Sviluppo Commerciale e Crescita PMI

Crescere non è lavorare di più sulle stesse cose. È identificare dove sono le opportunità reali, costruire la strategia per raggiungerle e poi eseguire con metodo. Il business development non è vendita — è quello che viene prima: capire il mercato, posizionarsi correttamente, aprire i canali giusti.

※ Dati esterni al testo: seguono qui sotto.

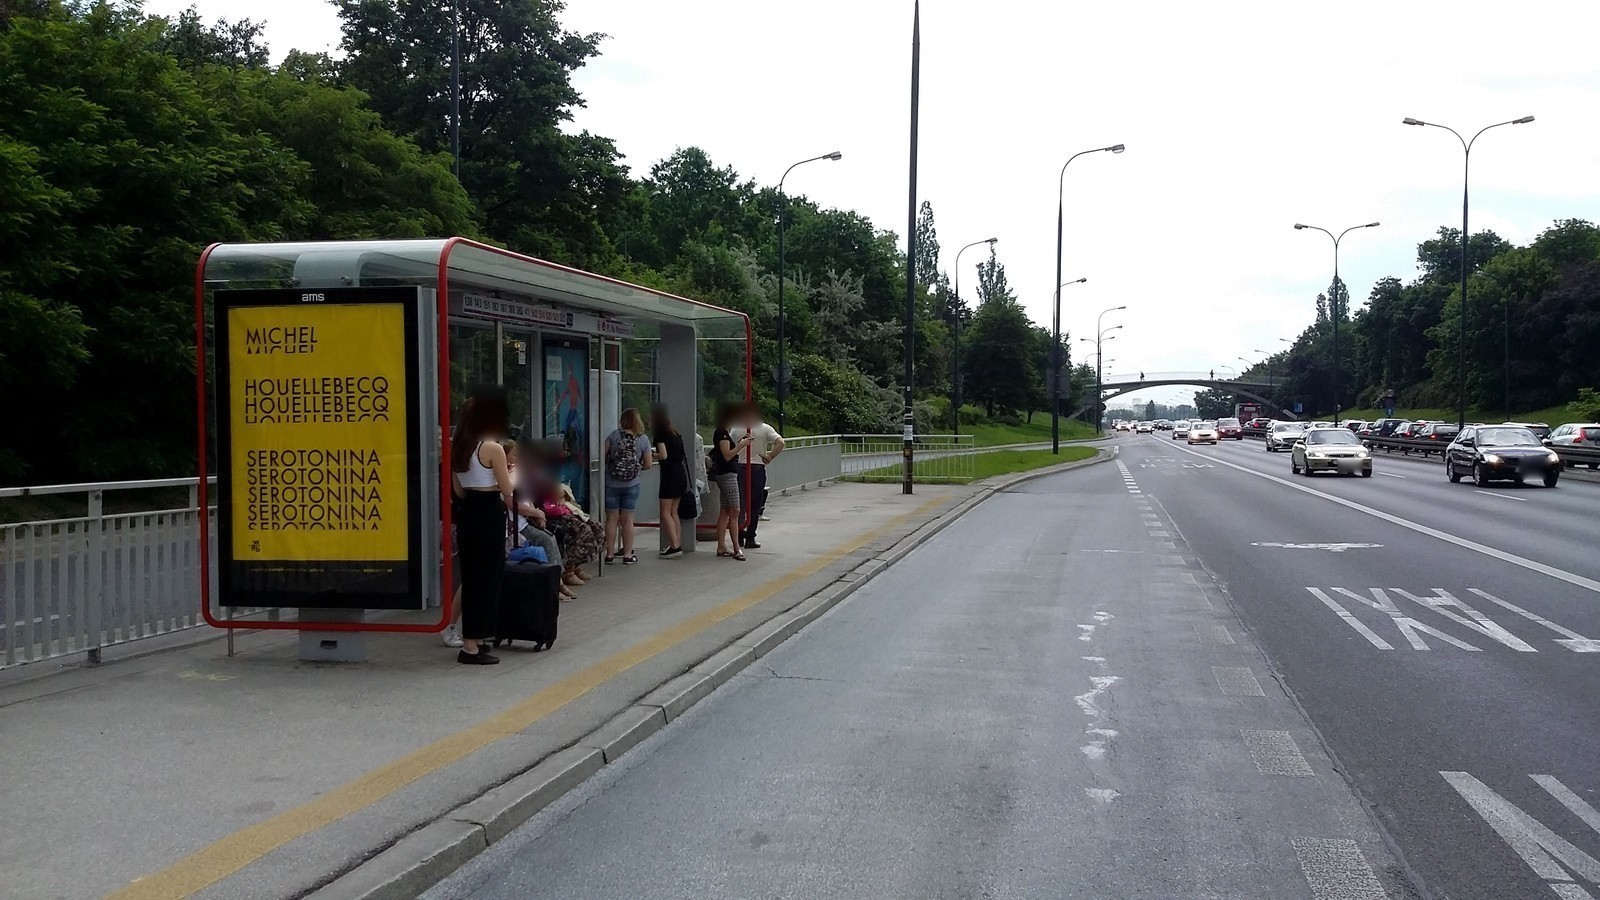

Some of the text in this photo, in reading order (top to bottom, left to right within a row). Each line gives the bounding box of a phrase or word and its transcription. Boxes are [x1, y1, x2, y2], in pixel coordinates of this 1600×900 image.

27 anni di lavoro dentro PMI di settori diversi hanno costruito un metodo: analisi dei dati di mercato, identificazione dei segmenti più promettenti, costruzione del piano operativo con risorse reali — non modelli da startup californiana applicati a un'azienda italiana.

Cosa include

  • Analisi competitiva e di mercato
  • Identificazione segmenti e opportunità non presidiate
  • Go-to-market strategy per nuovi prodotti e mercati
  • Sviluppo canali di vendita e distribuzione
  • Partnership e accordi commerciali
  • Supporto all'internazionalizzazione (DACH, UK)
  • Business plan operativo

Per chi è

  • PMI che vogliono crescere su nuovi mercati o segmenti
  • Aziende che lanciano nuovi prodotti o linee di business
  • Imprenditori che vogliono ridurre la dipendenza da pochi clienti
  • Aziende che si preparano all'internazionalizzazione
  • PMI in fase di ristrutturazione che cercano nuove fonti di ricavo

Metodo

  • Dati di mercato prima delle opinioni
  • Analisi della concorrenza e del posizionamento reale
  • Piano operativo con obiettivi misurabili e scadenze
  • Esecuzione in affiancamento, non solo consulenza a distanza

Network

  • Fractional Manager Italia — rete nazionale fractional manager
  • FederManager — dirigenti e alte professionalità
  • Partner locali DACH e UK per internazionalizzazione

Cos'è il business development per le PMI

Il business development è il processo attraverso cui un'azienda identifica, valuta e sviluppa nuove opportunità di crescita. Non è una funzione di vendita — è la funzione strategica che decide dove vendere, a chi vendere e con quali canali. Nelle grandi aziende esiste un reparto dedicato. Nelle PMI italiane questa funzione spesso non esiste: è il titolare che "fa tutto", basandosi sull'intuito e sulle relazioni personali.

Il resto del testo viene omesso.